Victor Estenio Pazmiño (June 24, 1899 – June 6, 1970) was a cartoonist who was one of the earliest American comic book artists. He drew most of the covers for the seminal comics publication The Funnies (Dell Publishing), and followed that some years later by doing the same thing for early issues of the pioneering true comic book series Famous Funnies (Eastern Color Printing).

==Biography==
Born in Ecuador, Pazmiño was brought to America as an infant and educated in Brooklyn at Erasmus Hall High School, where he was art editor of The Erasmian, and at Pratt Institute. By the mid-1920s he was producing syndicated newspaper strips including Frolicky Fables (with Wesley Morse) (the Premier Syndicate) and The Figgers Family (Central Press Association).

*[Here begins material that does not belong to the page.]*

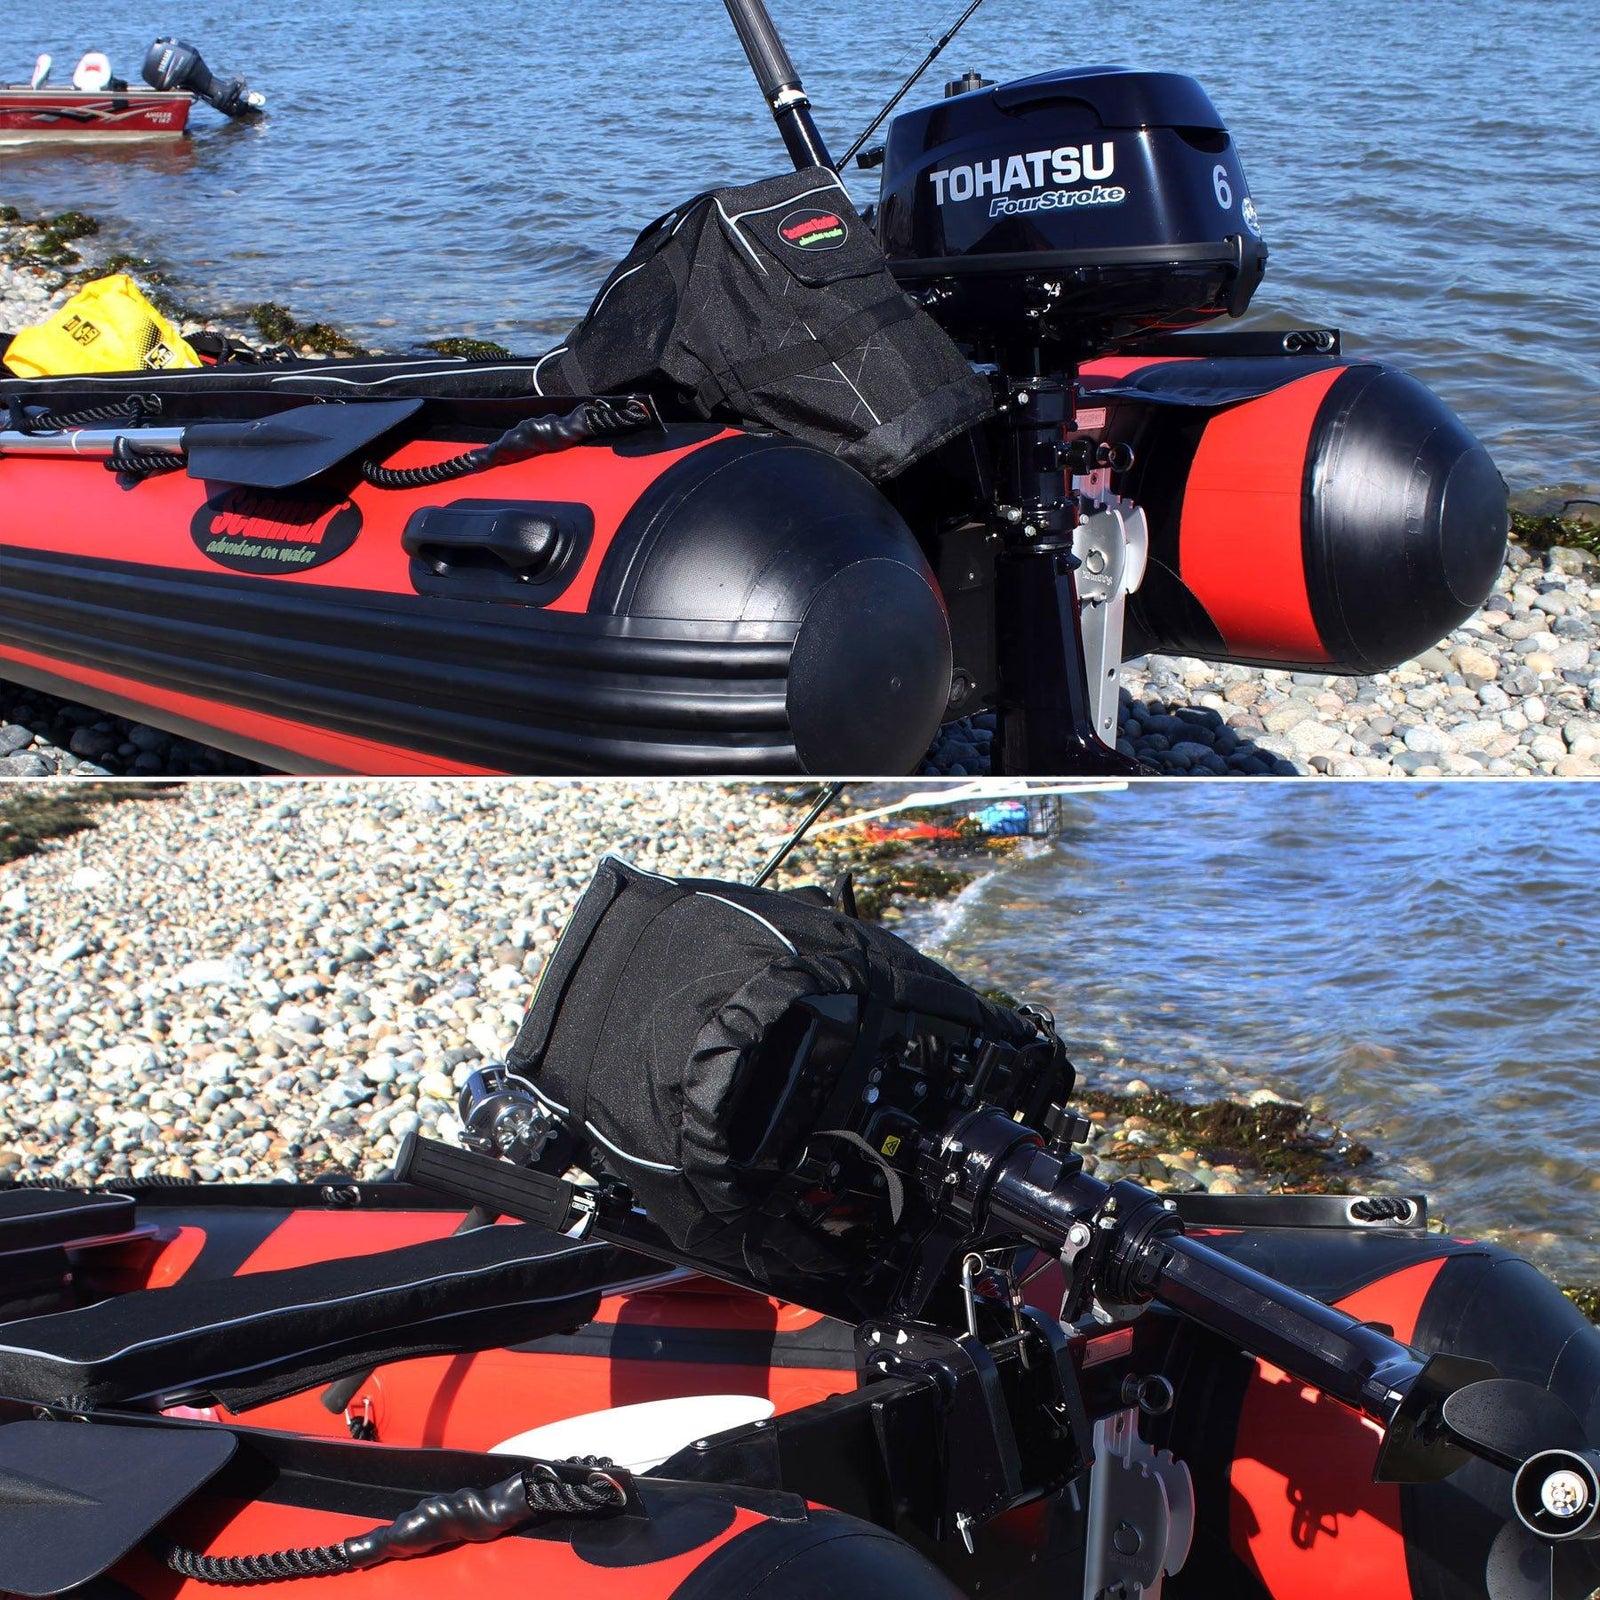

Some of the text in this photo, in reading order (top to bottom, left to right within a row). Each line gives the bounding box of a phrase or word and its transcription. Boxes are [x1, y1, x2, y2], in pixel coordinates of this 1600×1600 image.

Starting in the late 1920s his work appeared regularly in American comic books, including The Funnies, Famous Funnies, Keen Detective Funnies, Daredevil Comics, Black Terror, Fighting Yank, Barnyard Comics, and Whiz Comics, usually signed with his initials, VEP. He also contributed gag cartoons to Ballyhoo.

Pazmiño never married or had any children. He died in Brooklyn, New York, in 1970, at age 70.